A year passed. Crowley and all his minions were dead, leaving Hell a place of souls in despair with no demons to plague the Earth.
Castiel had spent weeks hunting down and slaying the last of the monsters in the world. The cleverest Children of Eve, almost all of them dragons, had acclimated to life and seemed almost human. Almost.
Heaven had only a hundred or so angels left to attend to the world, but the Pagan deities and spirits were the only resistance they had to consider. Simplicity made everything run faster.
Castiel had more than he ever wanted or ever dared to hope for when he was a mere angel.
But he wasn't happy.
Actually, he didn't know what happiness was anymore. The souls inside his body had transmogrified his inner form, shaping him into a mixture of angel, Leviathan, and monster. The small amount of humanity found in Eve's children originally balanced the hunger of the Leviathan, but after a year of being both an incubus and God, most of the humanity burned off, leaving him lustful and destructive. He had memories of emotion, vague husks of what they once were.
Everything had been so important six months ago. A year ago. Two years ago -
Ultimate power with no resistance made him crave something novel. Castiel became curious about his former emotions, his former understanding of the world. He hadn't been curious in such a long time.
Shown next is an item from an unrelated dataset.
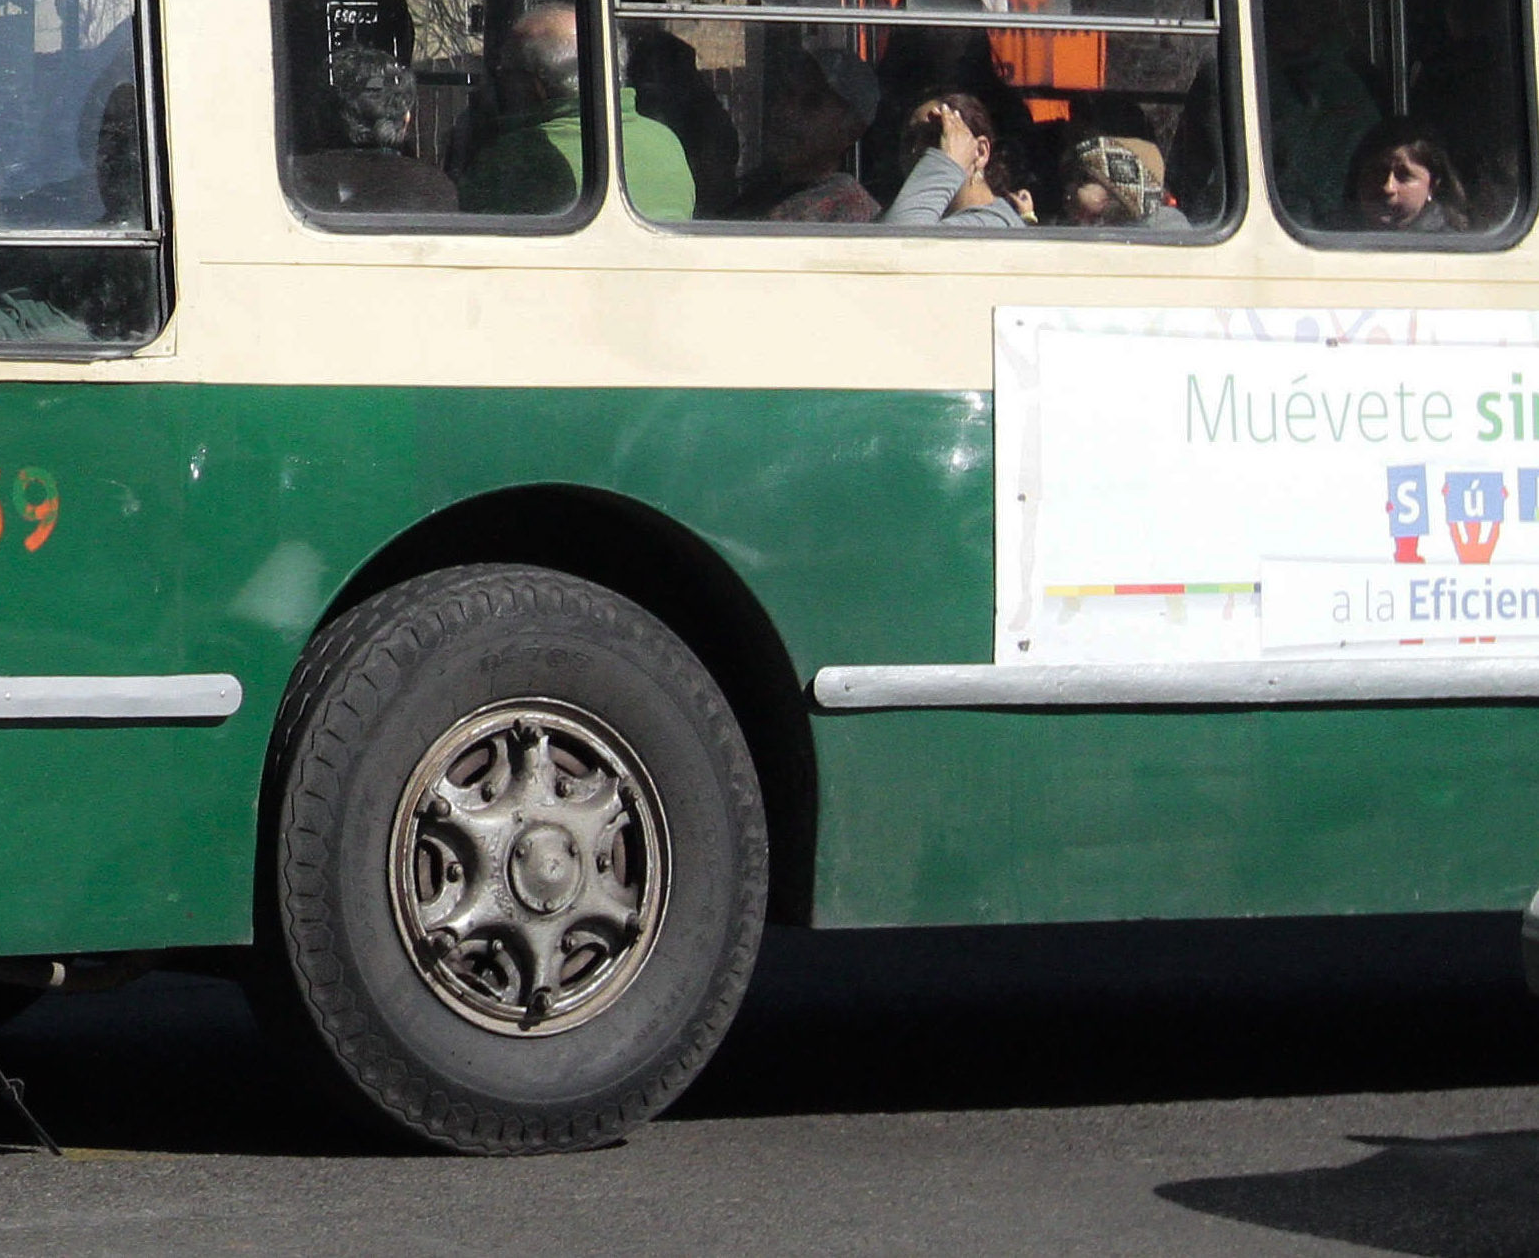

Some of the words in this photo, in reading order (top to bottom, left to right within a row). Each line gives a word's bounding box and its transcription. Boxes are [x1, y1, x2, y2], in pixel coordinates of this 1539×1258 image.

He hadn't been much of anything in such a long time.
The blackness in his body, the black goo that wasn't quite blood, boiled hard and fast as the idea unfolded to him. Leviathans were pure Hunger, but an angel with Leviathan blood was pure chaos.
Castiel, the new Authority, would take the universe as his own, and his Hunger would be a mere memory, like his emotions. All he needed was one more time slip.